Pure una decisione opposta però – quella di far vivere ad ogni costo – presenta, a mio parere, grosse aporie. Perché sottoporre un neonato a sperimentazioni non ancora adeguatamente testate? Sicuramente la clinica americana ci avrebbe guadagnato. Perché accanirsi fin quando il corpo di Charlie, in un sussulto di vigore, si ribellerà in maniera definitiva consentendo – in questo caso per davvero – alla “natura” di fare il suo corso, cioè di concludere la sua esistenza biologica? Oppure dobbiamo aspettare che la virulenza della malattia abbia devastato a tal punto quella persona, tanto da rendere inutili anche le macchine più sofisticate?

A volte anche il corpo vorrebbe morire, ma non riesce per “colpa” nostra, a causa di una tecnica da noi imposta. Che non ha nulla di naturale. A volte invece mi sembra lecito “assecondare” il cammino inevitabile che conduce alla morte, cercando di alleviare la sofferenza.

Bisogna fare attenzione a non sovrapporre la “vita” all’esistenza biologica.
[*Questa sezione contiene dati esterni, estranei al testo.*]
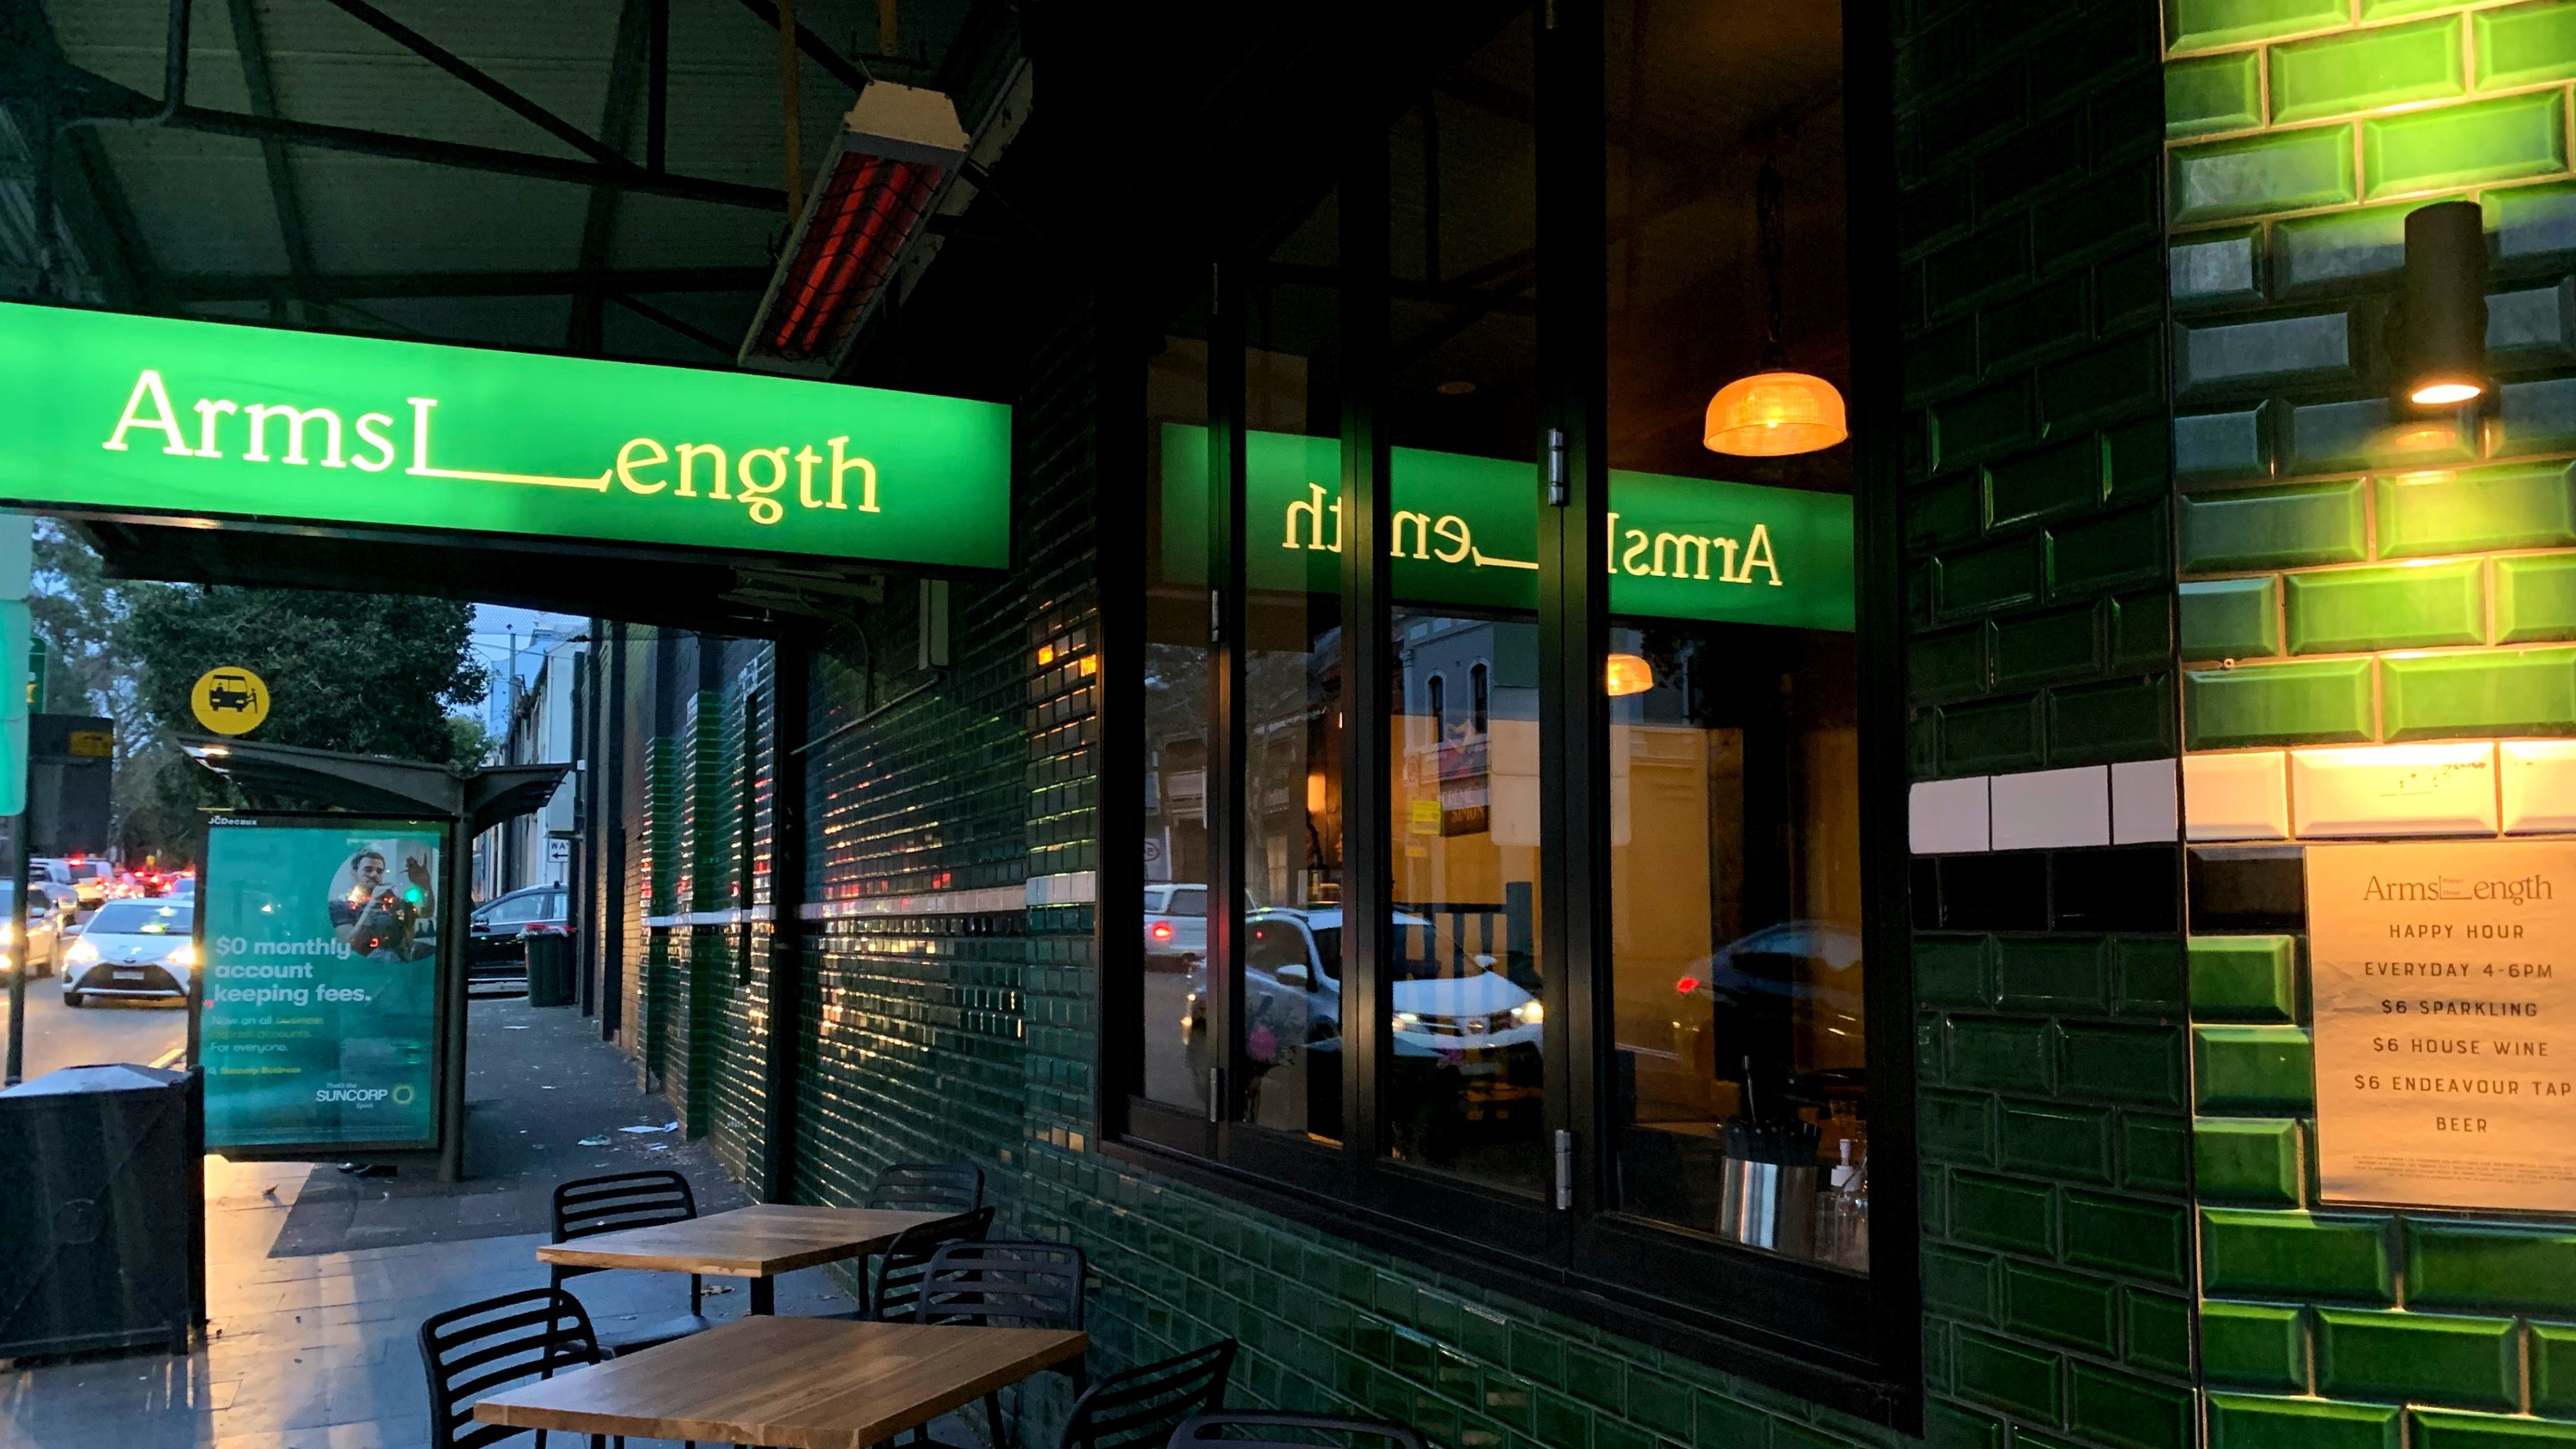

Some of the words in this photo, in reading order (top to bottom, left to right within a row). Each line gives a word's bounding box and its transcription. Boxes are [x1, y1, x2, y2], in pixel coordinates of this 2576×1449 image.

Come cristiani non possiamo adorare la vita in quanto tale. Perché essa è un dono che ci è offerto, ma di cui noi dobbiamo responsabilmente fruire. Rimanere attaccati alla vita in maniera disperata rivela la chiara impronta materialista del nostro tempo. A livello fisiologico e biologico poi la morte è necessaria. Inevitabile per lasciare posto ad altre generazioni.

Giustamente il mondo cattolico si schiera in difesa della vita. Ma non fa abbastanza su un altro versante: quello dell’accettazione del limite e della morte. Anche per i credenti (basta andare ai funerali per capirlo) la morte è divenuta assurda e inspiegabile. Non è più la soglia oscura e misteriosa da cui però può filtrare la luce della risurrezione. Troppe poche volte parliamo di accompagnamento alla “morte corporale, da la quale nullu homo vivente pò scappare”, come canta san Francesco. Dovremmo pensare di più anche a questo.